Here’s the (incendiary) headline: Test Scores Show Dramatic Declines!
Here’s the truth: this set of test scores tells us nothing for certain. The data are apples-to-oranges-to bowling balls muddled. If anything, if you still believe test scores give us valuable information, the data might be mildly encouraging, considering what students have encountered over the past 18 months.
More about the numbers later. First, let me share with you the moment I stopped believing that standardized test data had any valid role in determining whether students or schools were successful.
I was attending a State Board of Education meeting in Lansing. These are monthly day-long affairs where education policy and affairs are discussed and instituted. (Sometimes, the legislature passes different laws, in an attempt to undermine the State Board, but that’s not relevant in this example.) The Board, on this occasion, was setting cut scores from a round of new testing data.

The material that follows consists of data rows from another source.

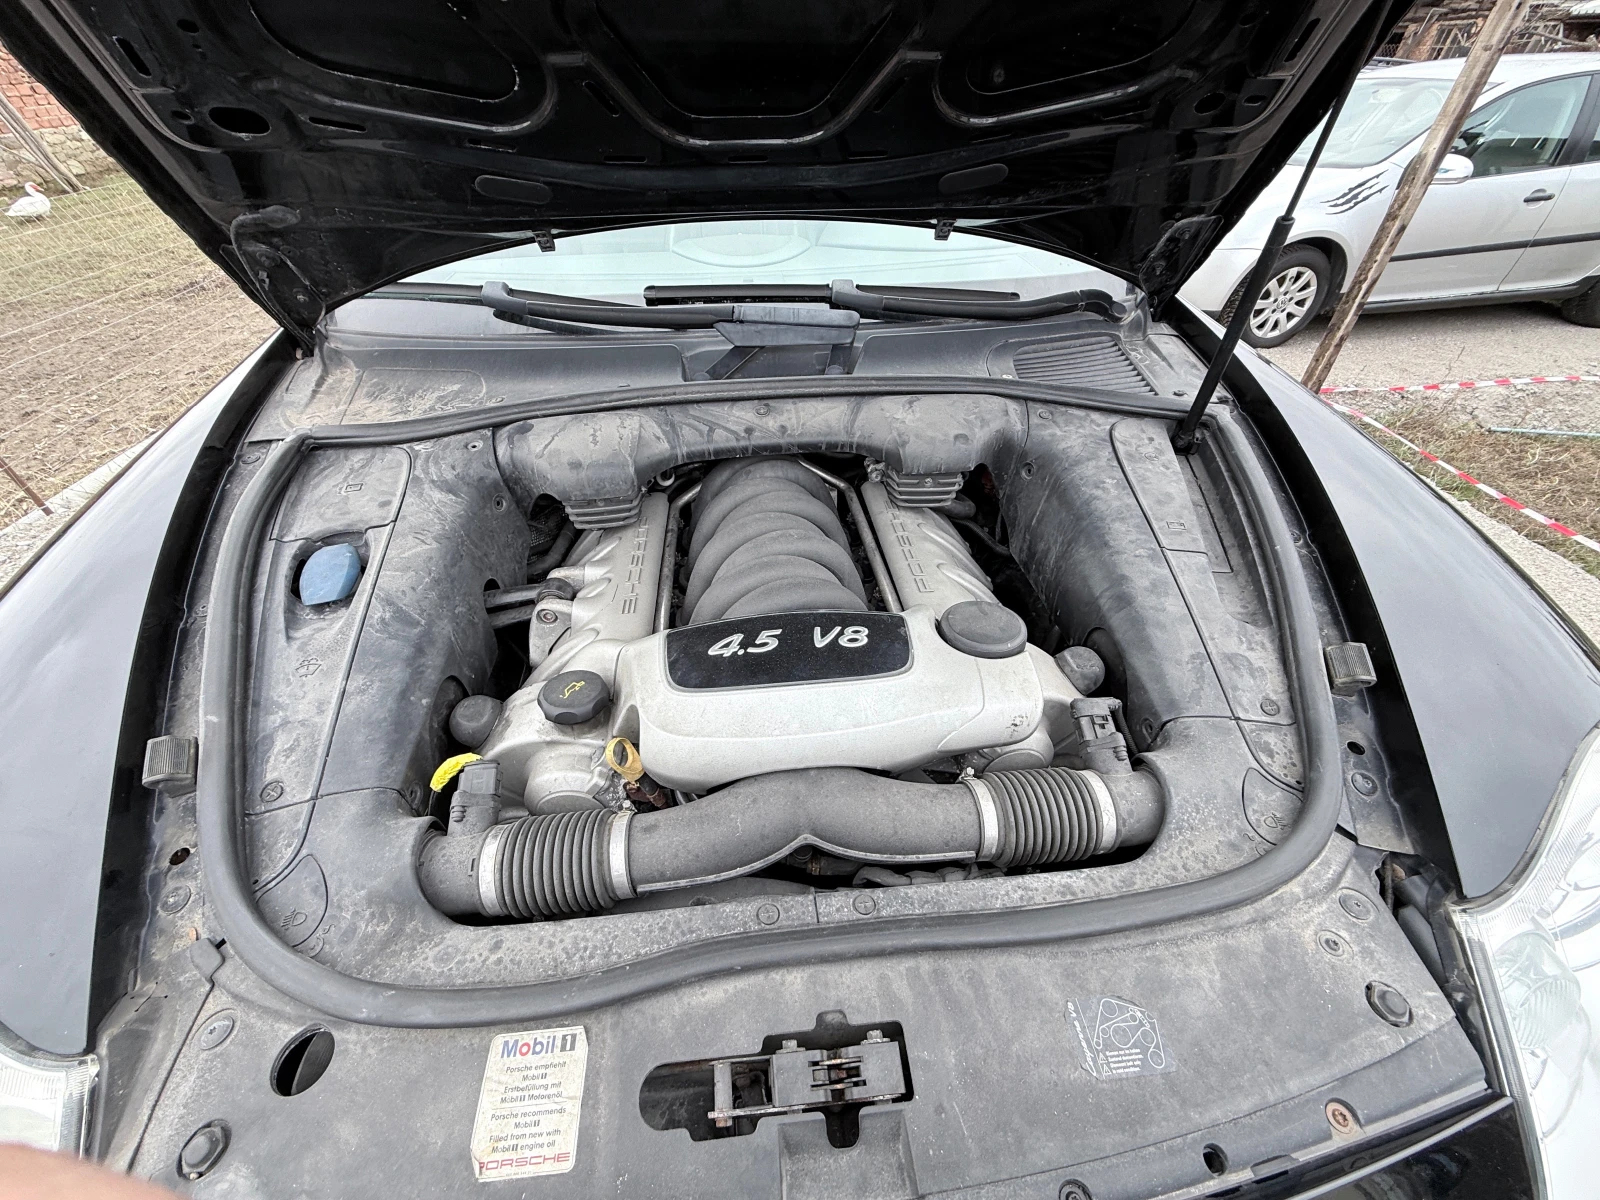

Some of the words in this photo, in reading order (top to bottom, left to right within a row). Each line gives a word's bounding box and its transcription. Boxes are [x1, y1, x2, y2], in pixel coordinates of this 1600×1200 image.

[707, 628, 783, 657] 4.5
[812, 625, 869, 648] V8
[501, 1035, 556, 1058] Mobil
[562, 1033, 576, 1051] 1
[505, 1064, 533, 1073] Porsche
[534, 1061, 567, 1071] empfiehlt
[521, 1073, 541, 1082] Mobil
[503, 1083, 549, 1094] Erstbefüllung
[550, 1081, 562, 1089] mit
[499, 1096, 519, 1105] Mobil
[527, 1090, 563, 1101] Motorenöl
[490, 1111, 519, 1122] Porsche
[520, 1107, 567, 1119] recommends
[513, 1121, 533, 1130] Mobil
[488, 1133, 509, 1143] Filled
[509, 1132, 527, 1141] from
[528, 1130, 545, 1139] new
[545, 1128, 562, 1137] with
[490, 1144, 512, 1154] Mobil
[519, 1141, 545, 1152] engine
[546, 1139, 556, 1148] oil
[479, 1152, 570, 1175] PORSCHE

I can’t tell you what year this occurred, exactly, but it was after NCLB was passed, and the Board was doing what they were supposed to do: managing the data generated by federally imposed standardized testing, grades 3-8.
Until that meeting, I assumed that there was a hard, established science to setting cut scores. I thought scores were reasonably reliable, valid measures of learning and there were pre-determined, universal clusters of students who would be labeled proficient, advanced, below basic or whatever descriptors were used. I assumed there were standard, proven psychometric protocols—percentage of correct answers, verified difficulty of questions, and so on. I was familiar with bell curves and skewed distributions and standard deviations.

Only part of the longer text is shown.